# Problem to solve:
Each entry below has to be written out again exactly.

Data extracted from a collection
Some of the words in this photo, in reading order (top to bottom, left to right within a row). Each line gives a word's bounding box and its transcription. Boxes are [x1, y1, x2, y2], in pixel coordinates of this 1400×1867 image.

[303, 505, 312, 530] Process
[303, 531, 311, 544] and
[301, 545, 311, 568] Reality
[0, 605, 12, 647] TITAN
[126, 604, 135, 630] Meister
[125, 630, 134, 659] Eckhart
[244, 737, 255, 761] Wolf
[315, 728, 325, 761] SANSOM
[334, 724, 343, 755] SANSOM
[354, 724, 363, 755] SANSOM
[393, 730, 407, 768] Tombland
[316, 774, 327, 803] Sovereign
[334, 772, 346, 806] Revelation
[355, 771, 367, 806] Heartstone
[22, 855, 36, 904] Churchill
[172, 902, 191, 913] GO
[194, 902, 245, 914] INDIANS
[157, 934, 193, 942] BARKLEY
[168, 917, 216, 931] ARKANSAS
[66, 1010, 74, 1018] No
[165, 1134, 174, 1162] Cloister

# Answer space:
Some of the words in this photo, in reading order (top to bottom, left to right within a row). Each line gives a word's bounding box and its transcription. Boxes are [x1, y1, x2, y2], in pixel coordinates of this 1400×1867 image.

[303, 505, 312, 530] Process
[303, 531, 311, 544] and
[301, 545, 311, 568] Reality
[0, 605, 12, 647] TITAN
[126, 604, 135, 630] Meister
[125, 630, 134, 659] Eckhart
[244, 737, 255, 761] Wolf
[315, 728, 325, 761] SANSOM
[334, 724, 343, 755] SANSOM
[354, 724, 363, 755] SANSOM
[393, 730, 407, 768] Tombland
[316, 774, 327, 803] Sovereign
[334, 772, 346, 806] Revelation
[355, 771, 367, 806] Heartstone
[22, 855, 36, 904] Churchill
[172, 902, 191, 913] GO
[194, 902, 245, 914] INDIANS
[157, 934, 193, 942] BARKLEY
[168, 917, 216, 931] ARKANSAS
[66, 1010, 74, 1018] No
[165, 1134, 174, 1162] Cloister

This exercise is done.